Garrison Keillor

Garrison Keillor
Birth name Gary Edward Keillor
Born (1942-08-07) August 7, 1942
Anoka, Minnesota, United States
Medium Radio, print
Alma mater University of Minnesota
Years active 1969–present
Genres Observational comedy, Storytelling
Subject(s) American culture (esp. the Midwest); American politics
  • Mary Guntzel (m. 1965–76)
  • Ulla Skaerved (m. 1985–90)
  • Jenny Lind Nilsson (m. 1995)
Notable works and roles Guy Noir, Lefty, Bob Burger, and Lake Wobegon narrator in A Prairie Home Companion

Gary Edward "Garrison" Keillor (born August 7, 1942) is an American author, storyteller, humorist, radio actor, voice actor, and radio personality. He is known as creator of the Minnesota Public Radio show A Prairie Home Companion (called Garrison Keillor's Radio Show in some international syndication), which he hosted from 1974 to 2016. Keillor created the fictional Minnesota town Lake Wobegon, the setting of many of his books, including Lake Wobegon Days and Leaving Home: A Collection of Lake Wobegon Stories.
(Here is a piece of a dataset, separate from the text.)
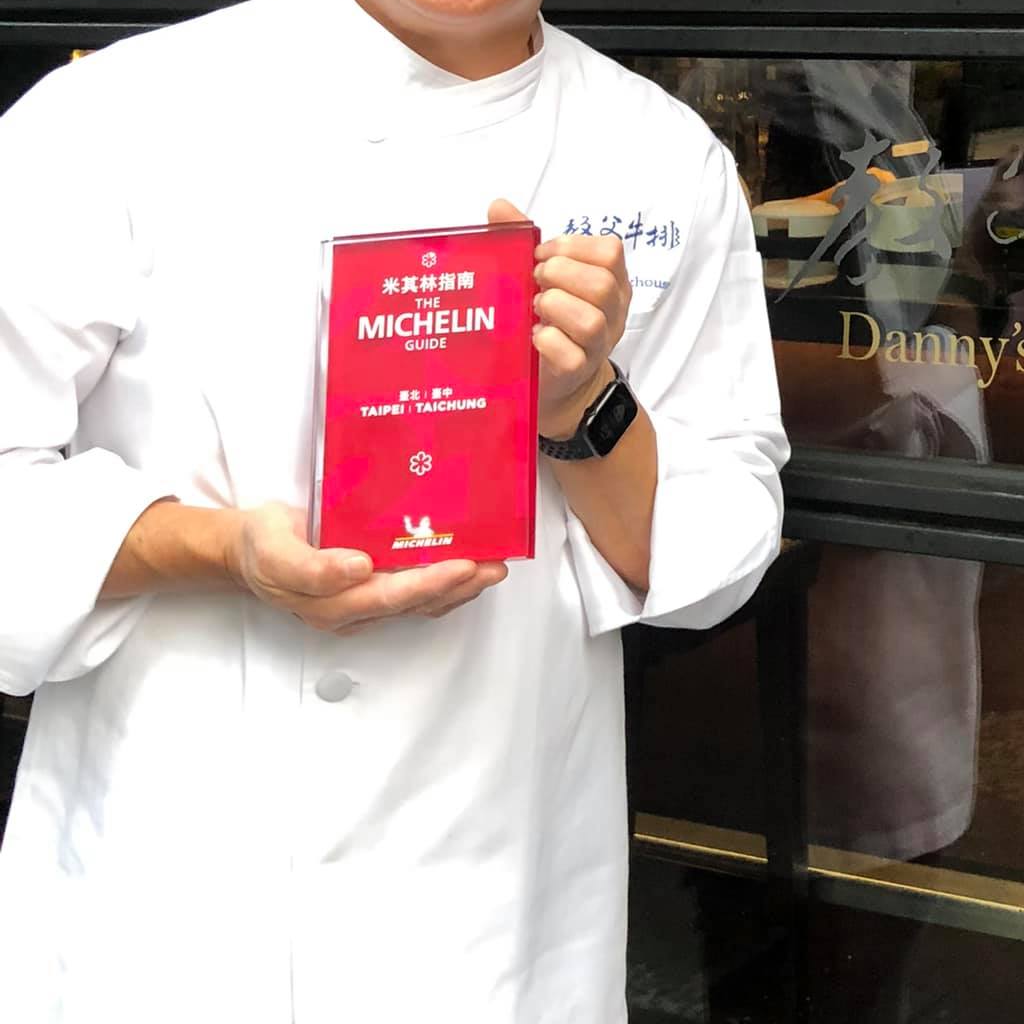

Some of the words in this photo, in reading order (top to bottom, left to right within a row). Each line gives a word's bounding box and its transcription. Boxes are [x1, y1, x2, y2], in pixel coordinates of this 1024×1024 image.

Other creations include Guy Noir, a detective voiced by Keillor who appeared in A Prairie Home Companion comic skits.

Personal life

Keillor in 2010, wearing his signature red shoes

Keillor was born in Anoka, Minnesota, the son of Grace Ruth (née Denham) and John Philip Keillor, who was a carpenter and postal worker.[1][2] His father had English ancestry, partly by way of Canada; Keillor's paternal grandfather was from Kingston, Ontario.[3][4] His maternal grandparents were Scottish immigrants, from Glasgow.[5][6]

Keillor’s natal family belonged to the Plymouth Brethren, an Evangelical Christian movement that he has since left. In 2006 he told Christianity Today that he was attending the St. John the Evangelist Episcopal church in Saint Paul, after previously attending a Lutheran church in New York.[7][8] Keillor is a member of the Democratic-Farmer-Labor Party;[9] he is six feet, three inches (1.9 m) tall.[10]

Keillor graduated from Anoka High School in 1960 and from the University of Minnesota with a bachelor's degree in English in 1966.[11] During college, he began his broadcasting career on the student-operated radio station known today as Radio K.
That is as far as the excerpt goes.